Third, participating providers would be reimbursed at a rate set by a "clear, public, and transparent formula" established by regulators, lawmakers, and members of a yet-to-be-formed advisory board. According to the proposal, this formula would factor in key variables to establish hospital-specific rates, such as whether a hospital is located in a rural or metropolitan area, whether a hospital is independent or part of a large system, and whether a hospital serves mostly lower-income or higher-income patients. Certain facilities, including free-standing psychiatric hospitals, "institutions for mental disease," rehabilitation hospitals, and acute long-term hospitals would not be subject to the formula, according to the proposal.
If the proposal is implemented, the state during the first two years would spend about $750,000 to launch the public health insurance option. The state would spend less than $1 million a year to oversee and manage the health plans—"a tiny fraction of the projected savings for consumers," according to the proposal.

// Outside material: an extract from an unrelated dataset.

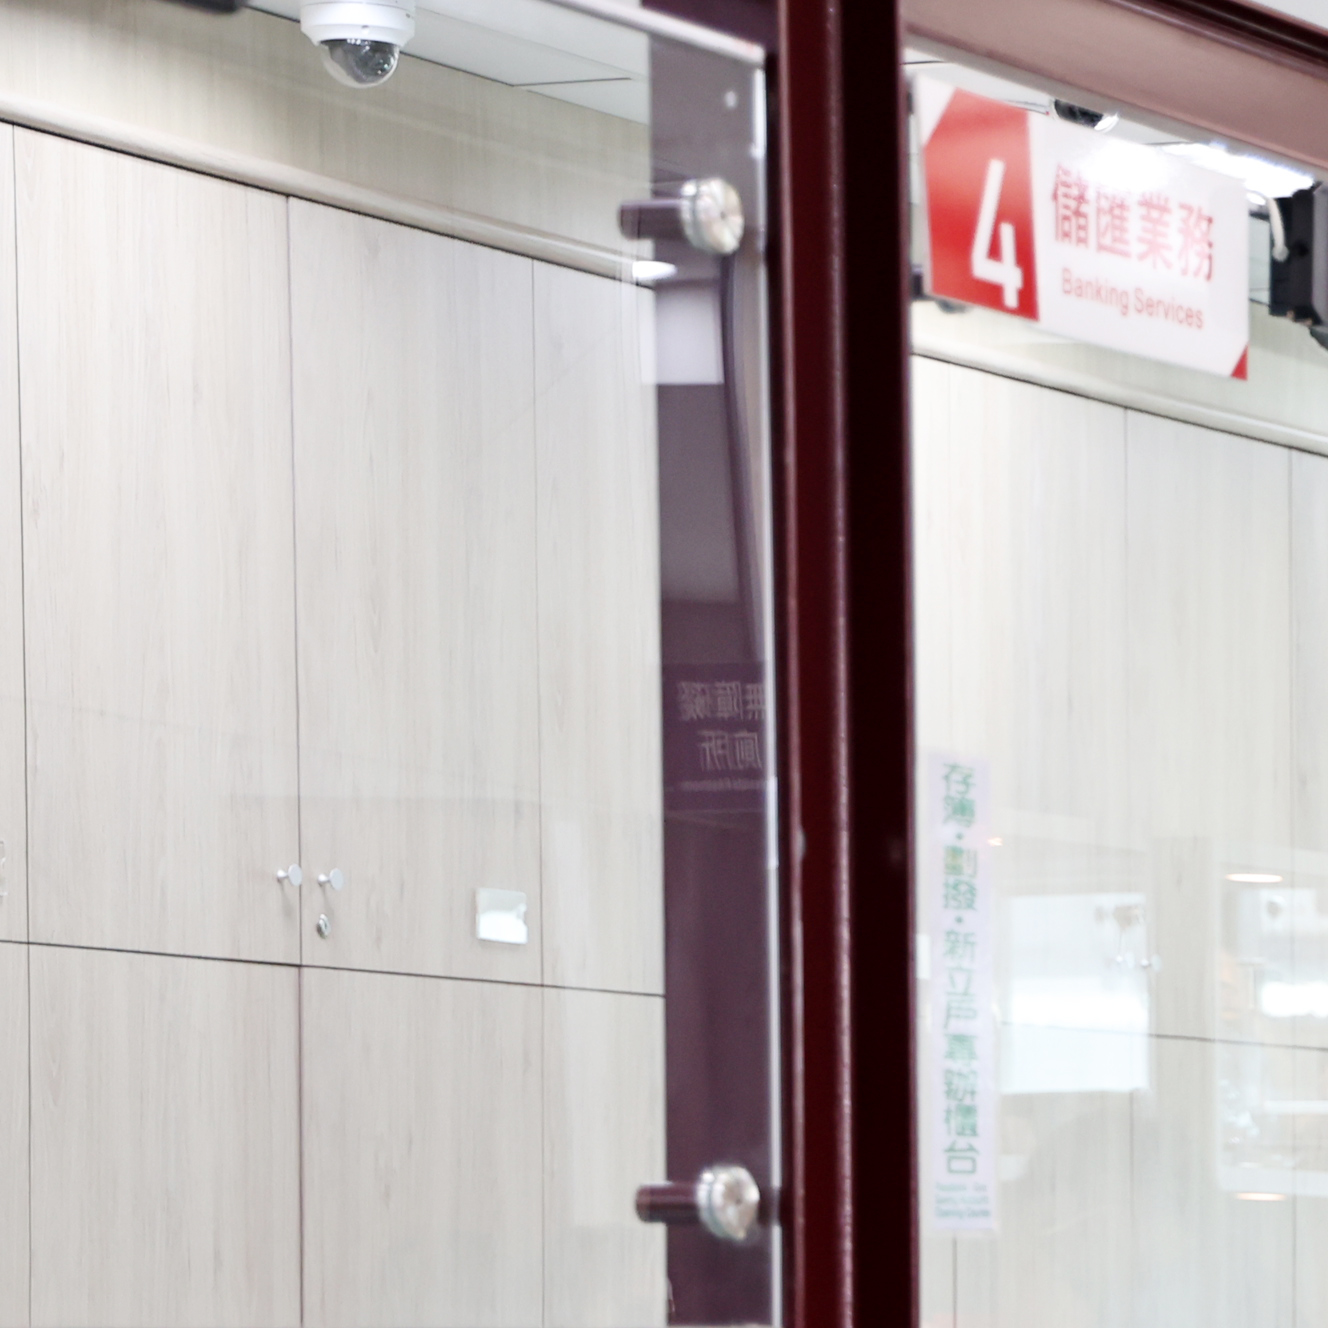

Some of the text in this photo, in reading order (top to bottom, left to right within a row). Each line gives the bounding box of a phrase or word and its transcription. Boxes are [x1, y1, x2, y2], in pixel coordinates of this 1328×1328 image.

[971, 158, 1022, 310] 4
[1052, 163, 1214, 282] 儲匯業務
[1061, 268, 1204, 331] Banking Services

Colorado officials do not need the federal government's permission to implement the public option plan. However, officials are working on a so-called "state innovation waiver" request to help cover some of the costs. The waiver would ask CMS' permission to keep a share of the savings the federal government would generate from the proposal's lower monthly premiums, since those lower premiums would reduce the amount the federal government spends on tax credits for higher-premium plans. Overall, the state estimates it could pass on an additional $89 million in savings to consumers via the waiver. Officials plan to submit the waiver for federal approval in the winter of 2021.
Many observers applauded the proposal.
Colorado Rep. Dylan Roberts (D), who during the last legislative session sponsored a public option bill, said the proposal is "a really great start" and does not appear to feature anything provocative. He said, "What they got to us is a proposal. And we look forward to working with all interested parties."

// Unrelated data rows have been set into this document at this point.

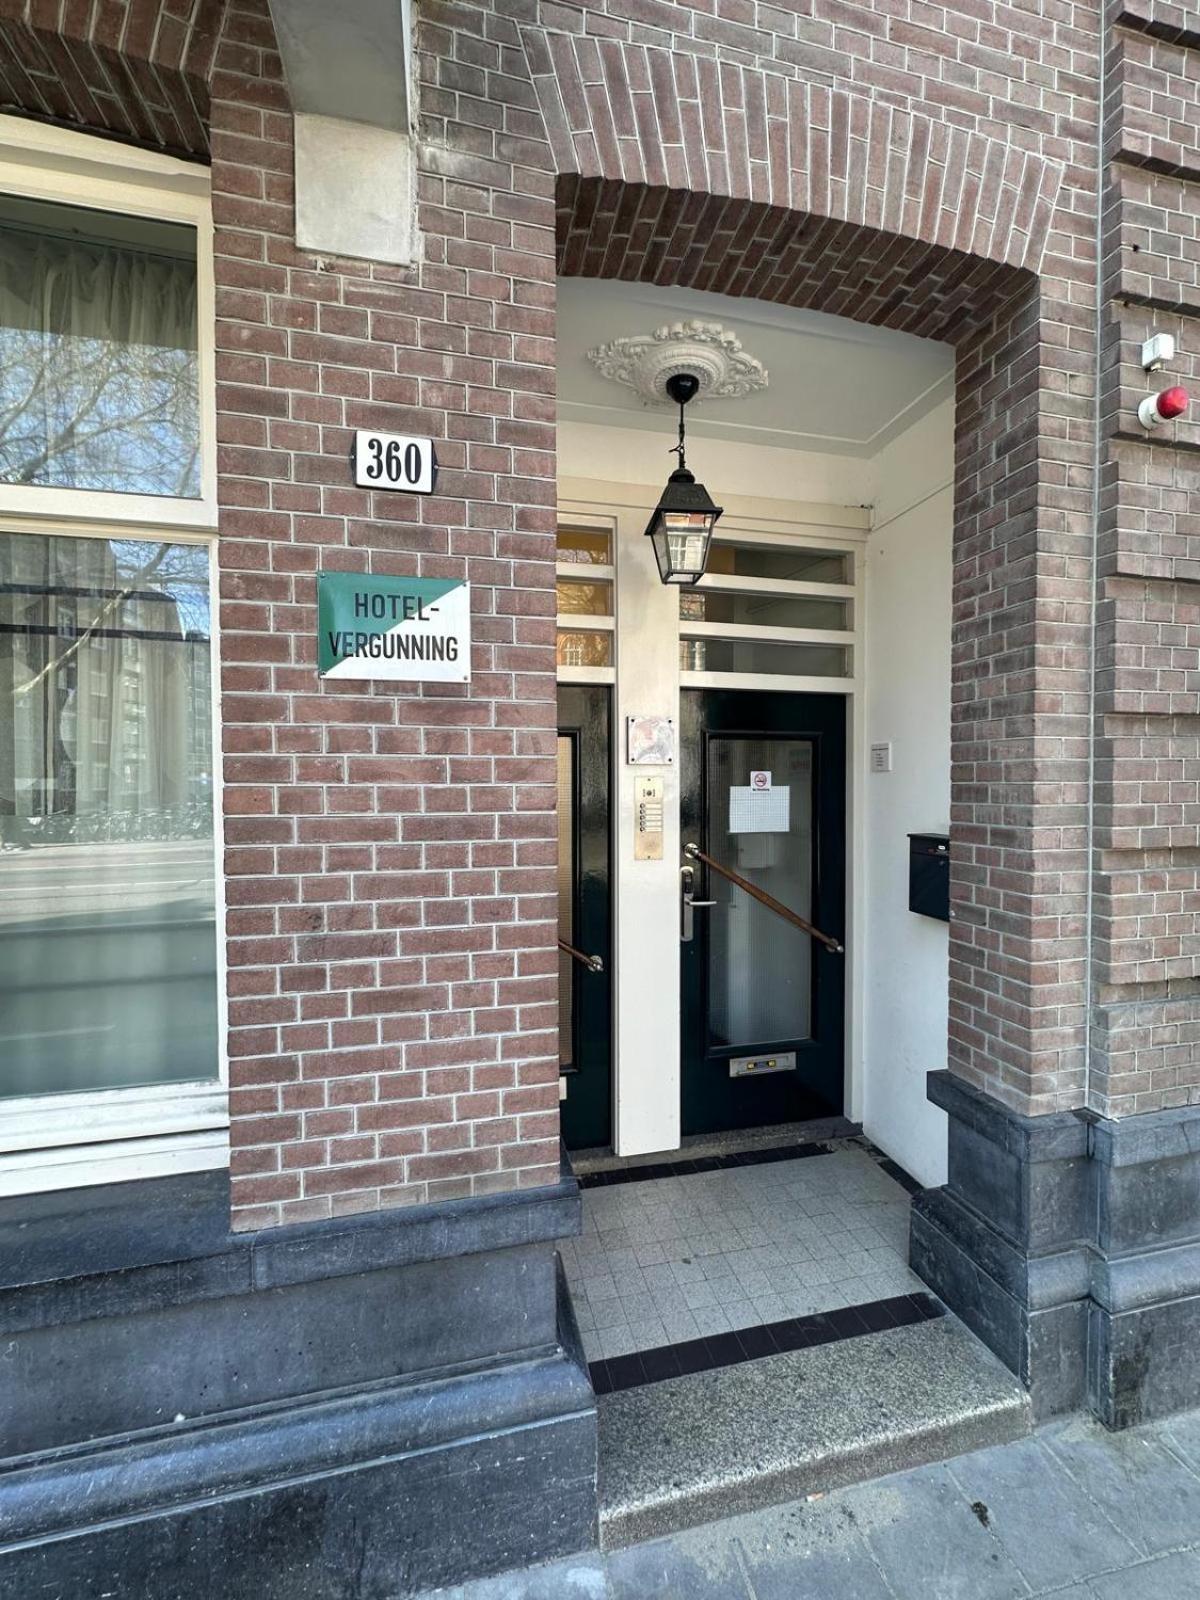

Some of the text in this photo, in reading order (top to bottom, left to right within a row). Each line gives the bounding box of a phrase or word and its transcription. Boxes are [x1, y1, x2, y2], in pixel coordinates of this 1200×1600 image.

[366, 438, 422, 484] 360
[354, 592, 440, 621] HOTEL-
[328, 631, 459, 662] VERGUNNING
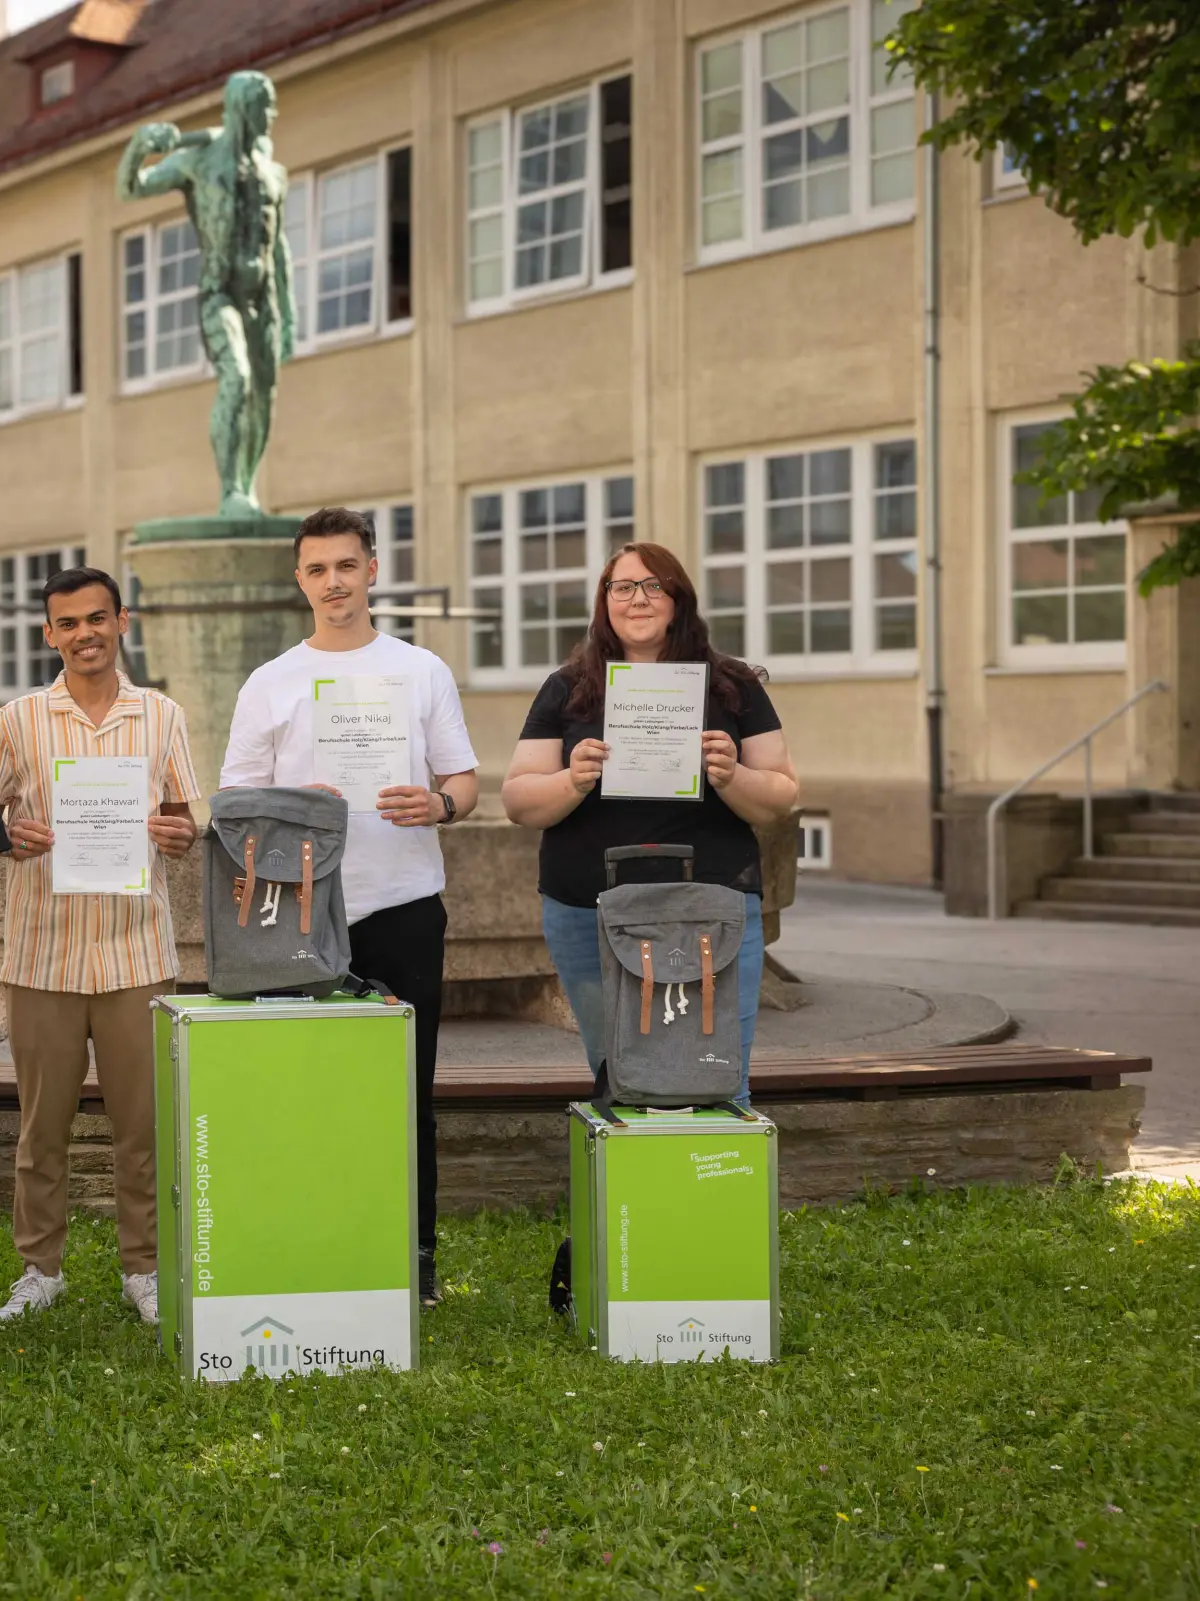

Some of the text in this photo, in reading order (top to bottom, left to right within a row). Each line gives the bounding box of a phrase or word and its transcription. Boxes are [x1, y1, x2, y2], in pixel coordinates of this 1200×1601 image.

[614, 703, 695, 712] Michelle Drucker
[330, 714, 391, 724] Oliver Nikaj
[60, 798, 139, 806] Mortaza Khawari
[696, 1161, 722, 1172] young
[697, 1165, 750, 1180] professionals
[194, 1114, 214, 1292] www.sto-stiftung.de
[622, 1204, 630, 1293] www.sto-stiftung.de
[656, 1332, 752, 1344] Sto Stiftung
[200, 1346, 384, 1370] Sto Stiftung

Adam Fox, director of strategic engagement for the Colorado Consumer Health Initiative, said, "This final proposal for the public option plan creates an innovative opportunity for Colorado to bring more affordable health coverage to our state and start addressing underlying health care costs."

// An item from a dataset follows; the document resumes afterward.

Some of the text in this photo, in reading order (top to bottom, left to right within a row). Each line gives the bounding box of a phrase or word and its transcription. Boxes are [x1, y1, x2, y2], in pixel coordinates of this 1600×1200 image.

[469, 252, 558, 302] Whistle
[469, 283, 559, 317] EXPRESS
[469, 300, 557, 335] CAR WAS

The Small Business Majority said the proposal would control health care costs and ensure small-business owners and their employees have access to lower-cost health plans.
Kim Bimestefer, head of HCPF and one of the plan's chief architects, said the state intends to work with hospitals to get them to voluntarily participate in the program. She said, "I think our hospitals are going to step up. We just have to give them a little bit of time and a little bit of maneuverability." Bimestefer suggested some hospitals have voiced their support for the proposal.
But hospital groups have voiced concerns.
Katherine Mulready, the CHA's chief strategy officer, said, "The proposal, in its current state, is not acceptable." Mulready said CHA fundamentally opposes price-setting and she is unaware of any hospitals "wholeheartedly" supporting the state's proposal. Mulready said CHA plans to develop a proposal for how the state can reduce health care spending.
Julie Lonborg, a spokesperson for the CHA, said, "By establishing government price controls and forcing insurers and hospitals to participate, the proposal as submitted has the potential to undermine other affordability efforts underway, especially community-based solutions and value-based care" (Haefner, Becker's Payer Issues, 11/19; Ingold, Colorado Sun, 11/18; Goodland, Colorado Politics, 11/15; Seaman, Denver Post, 11/16).